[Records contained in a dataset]
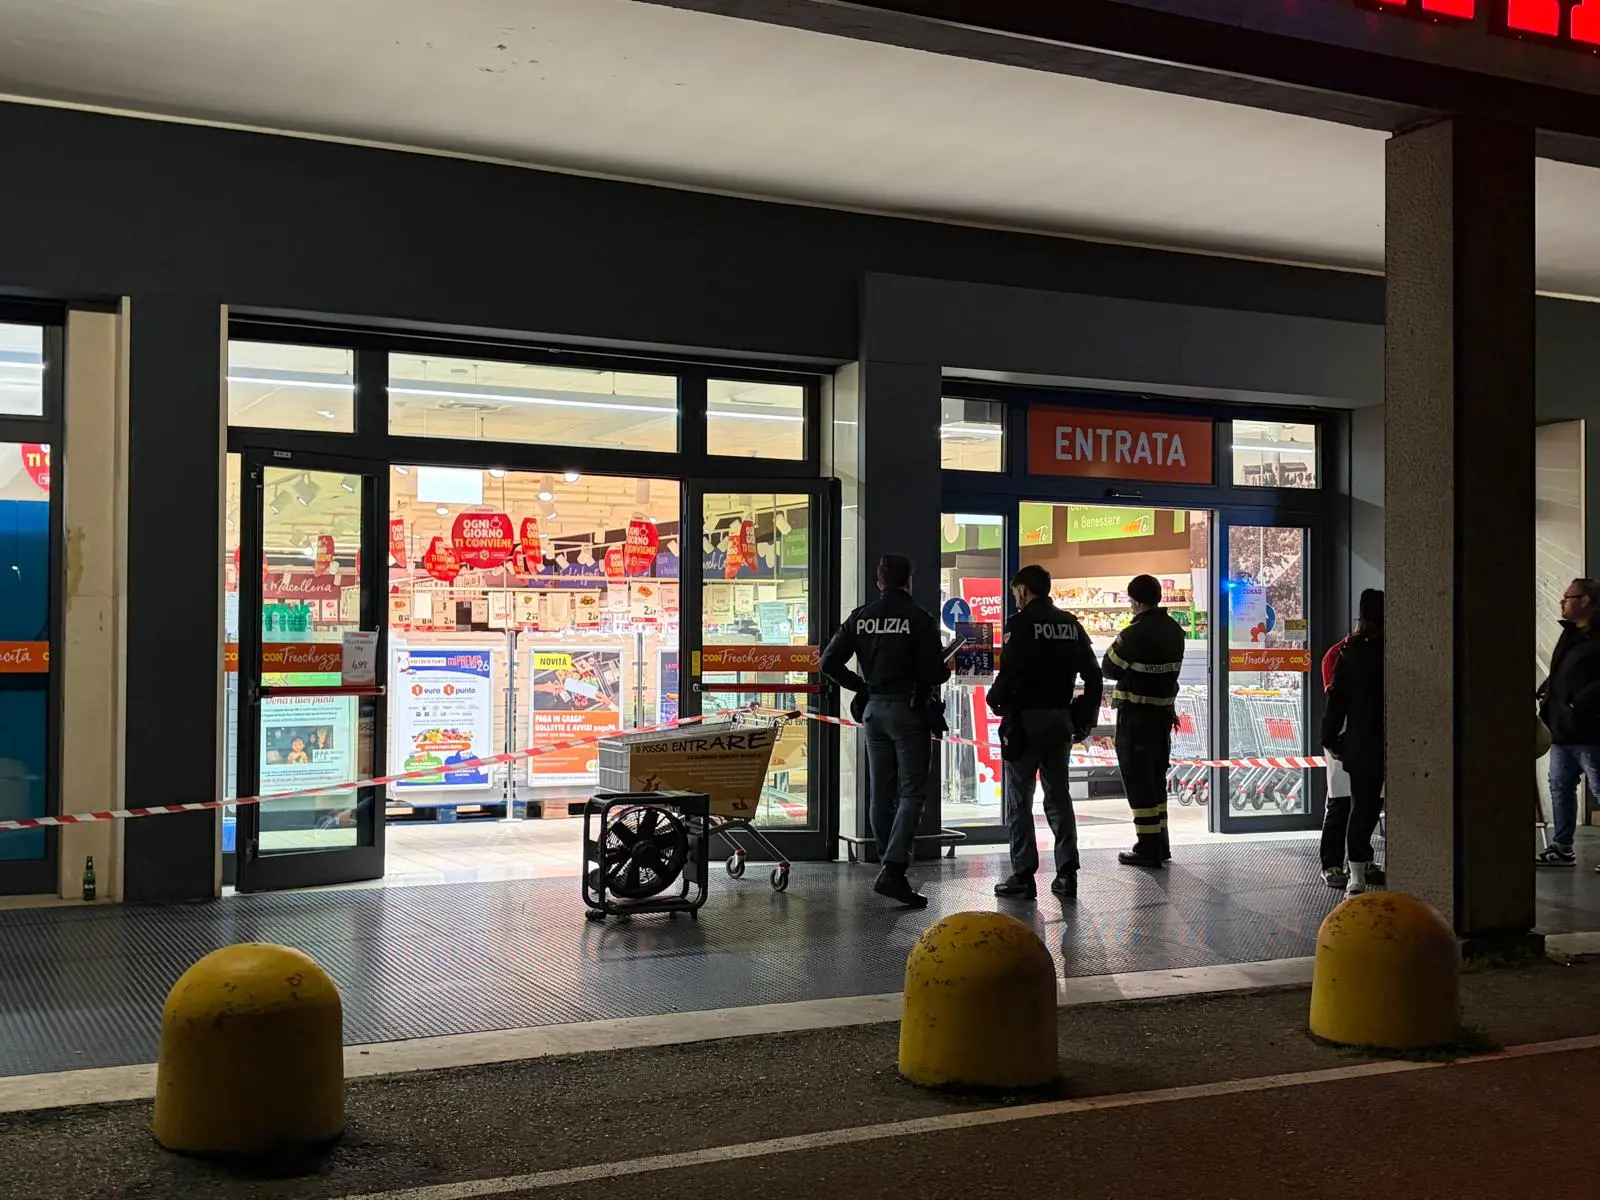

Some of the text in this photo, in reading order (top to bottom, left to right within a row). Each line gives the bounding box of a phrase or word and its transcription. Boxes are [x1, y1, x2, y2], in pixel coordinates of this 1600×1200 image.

[1056, 426, 1186, 467] ENTRATA
[27, 453, 41, 467] TI
[463, 519, 489, 529] OGNI
[1081, 515, 1121, 529] Benessere
[463, 529, 503, 539] GIORNO
[454, 538, 464, 548] TI
[856, 618, 911, 635] POLIZIA
[1034, 623, 1079, 640] POLIZIA
[476, 660, 490, 672] 26
[540, 656, 568, 667] NOVITÀ
[456, 686, 476, 696] punto
[671, 731, 772, 753] ENTRARE
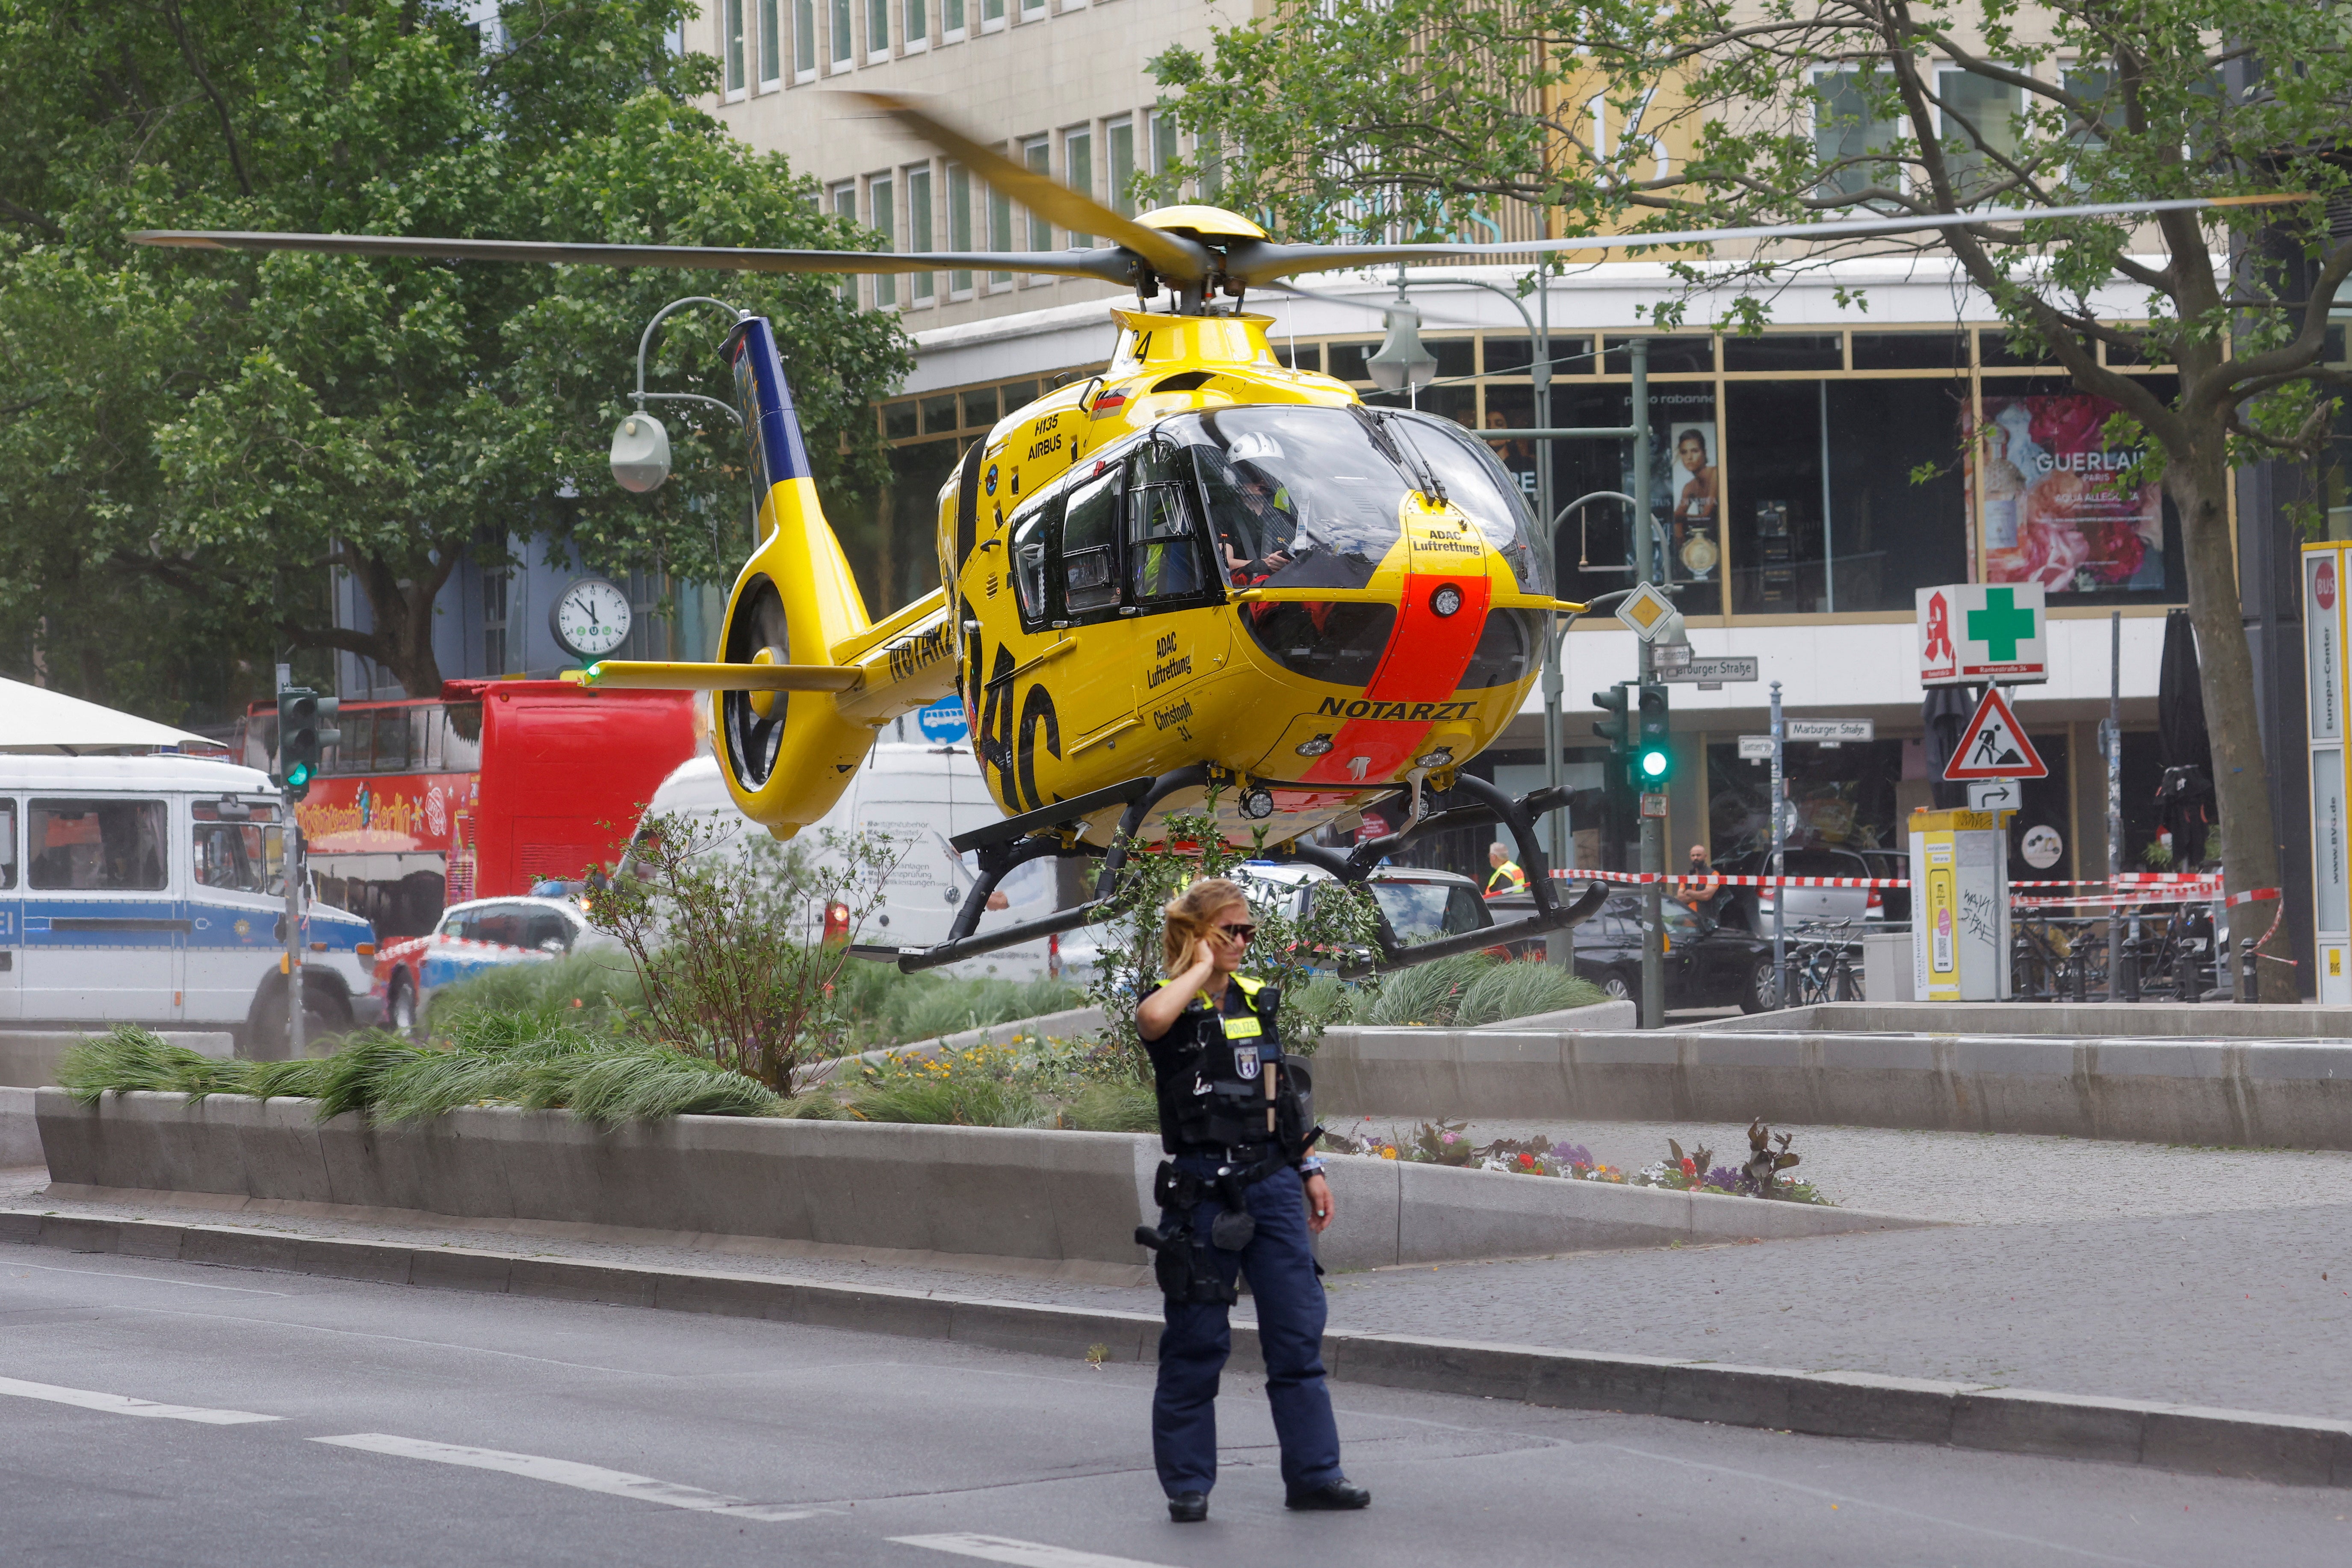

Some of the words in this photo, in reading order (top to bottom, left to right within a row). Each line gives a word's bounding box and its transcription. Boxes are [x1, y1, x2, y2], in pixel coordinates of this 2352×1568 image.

[1624, 396, 1658, 405] po
[1035, 413, 1059, 437] H135
[1028, 433, 1061, 462] AIRBUS
[2082, 472, 2111, 481] PARIS
[1430, 530, 1462, 540] ADAC
[1413, 540, 1480, 555] Luftrettung
[2317, 578, 2335, 594] BUS
[1157, 631, 1177, 660] ADAC
[1147, 654, 1192, 689] Luftrettung
[1677, 665, 1717, 676] arburger
[1720, 661, 1752, 676] Straße
[2324, 622, 2333, 729] Europa-Center
[1154, 697, 1193, 731] Christoph
[1317, 697, 1477, 720] NOTARZT
[1177, 724, 1193, 742] 31
[1793, 724, 1836, 736] Marburger
[1841, 723, 1865, 736] Straße
[2330, 796, 2339, 884] www.BVG.de
[1227, 1021, 1258, 1035] POLIZEI

▶ _AIM OF THE EXERCISE_
Repeat the records above exactly. No pictures go into the repeat.

▶ _TASK RESULT_
Some of the text in this photo, in reading order (top to bottom, left to right within a row). Each line gives the bounding box of a phrase or word and its transcription. Boxes are [x1, y1, x2, y2], in pixel coordinates of this 1600×1200 image.

[1056, 426, 1186, 467] ENTRATA
[27, 453, 41, 467] TI
[463, 519, 489, 529] OGNI
[1081, 515, 1121, 529] Benessere
[463, 529, 503, 539] GIORNO
[454, 538, 464, 548] TI
[856, 618, 911, 635] POLIZIA
[1034, 623, 1079, 640] POLIZIA
[476, 660, 490, 672] 26
[540, 656, 568, 667] NOVITÀ
[456, 686, 476, 696] punto
[671, 731, 772, 753] ENTRARE

Some of the words in this photo, in reading order (top to bottom, left to right within a row). Each line gives a word's bounding box and its transcription. Boxes are [x1, y1, x2, y2], in pixel coordinates of this 2352×1568 image.

[1624, 396, 1658, 405] po
[1035, 413, 1059, 437] H135
[1028, 433, 1061, 462] AIRBUS
[2082, 472, 2111, 481] PARIS
[1430, 530, 1462, 540] ADAC
[1413, 540, 1480, 555] Luftrettung
[2317, 578, 2335, 594] BUS
[1157, 631, 1177, 660] ADAC
[1147, 654, 1192, 689] Luftrettung
[1677, 665, 1717, 676] arburger
[1720, 661, 1752, 676] Straße
[2324, 622, 2333, 729] Europa-Center
[1154, 697, 1193, 731] Christoph
[1317, 697, 1477, 720] NOTARZT
[1177, 724, 1193, 742] 31
[1793, 724, 1836, 736] Marburger
[1841, 723, 1865, 736] Straße
[2330, 796, 2339, 884] www.BVG.de
[1227, 1021, 1258, 1035] POLIZEI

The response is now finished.